ECSAS 2023 – Turin 26-29 July

Satire and Everyday Urbanity in Nehruvian Delhi

Presenter

Geva Rotem - Hebrew University of Jerusalem, Asian Studies, Jerusalem, Israel

Panel

08 – Imagining the city: Literary and religious practices of urbanity in early modern and modern South Asia

Abstract

 My paper centres on the writings of Fikr Taunsvi (1918-1987), an Urdu satirist and columnist who captured the everyday experiences of post-independence Delhi.
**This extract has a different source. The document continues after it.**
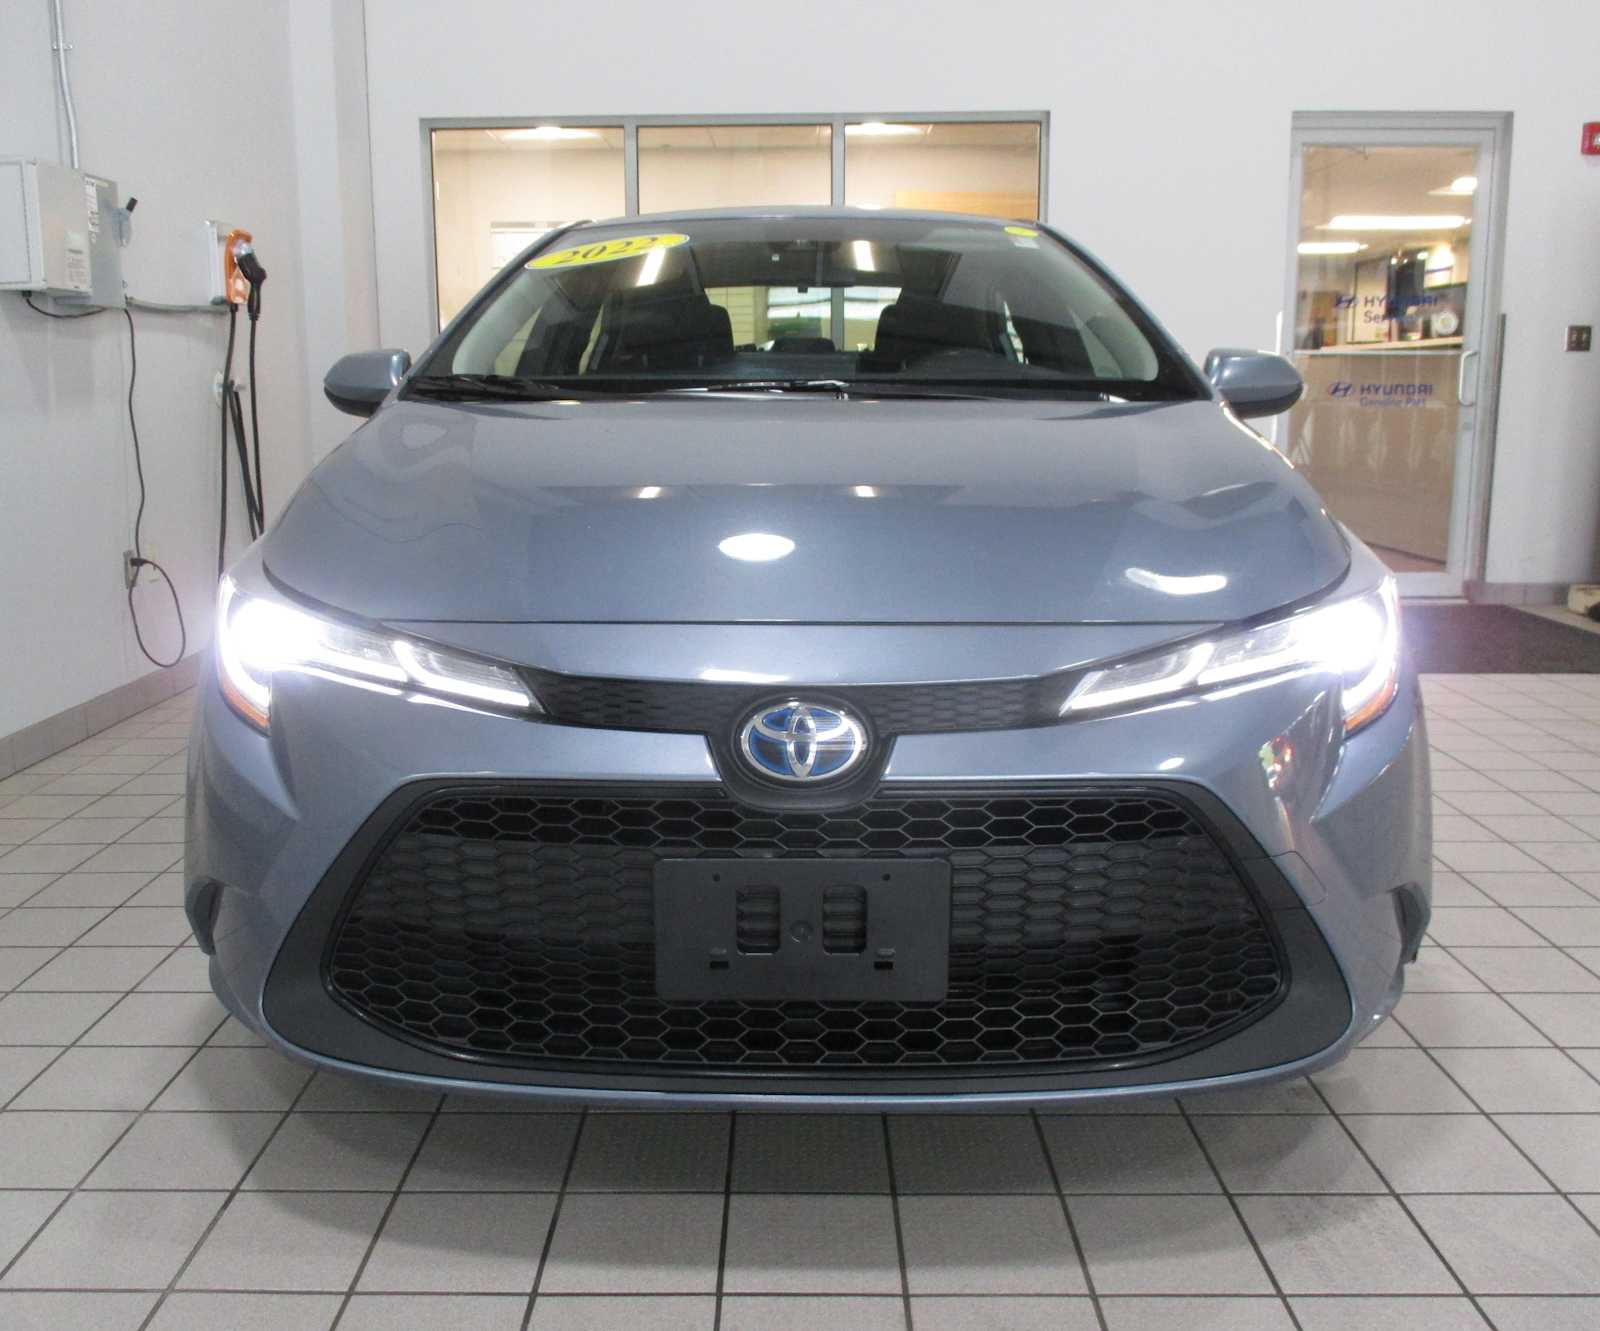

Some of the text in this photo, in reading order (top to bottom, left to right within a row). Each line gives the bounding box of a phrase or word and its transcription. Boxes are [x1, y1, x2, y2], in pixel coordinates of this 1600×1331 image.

Taunsvi, born Ram Lal Bhatia in western Punjab, was a member of the literary circle of Lahore before partition; he went by the pen name Fikr Taunsvi. Taunsvi had hoped to remain in Lahore after partition, but the violence that engulfed and transformed the city forced him to migrate to India. In Delhi, Taunsvi joined Milap—an Arya Samaji Urdu daily which, like most Hindu- and Sikh- owned Punjabi papers of Lahore, shifted to Delhi after partition and became an important mouthpiece of the city’s refugee community. From the 1950s through the end of the 1970s, Taunsvi chronicled the life of the city and the nation in a highly popular satirical column entitled “Pyaaz ke Chhilke” (Onion Peels). My paper explores the intimate relationship between the column’s main tropes—corruption, poverty, and failed socialism—and the genre of the satire in which they are articulated, in portraying a powerfully critical image of postcolonial urbanity.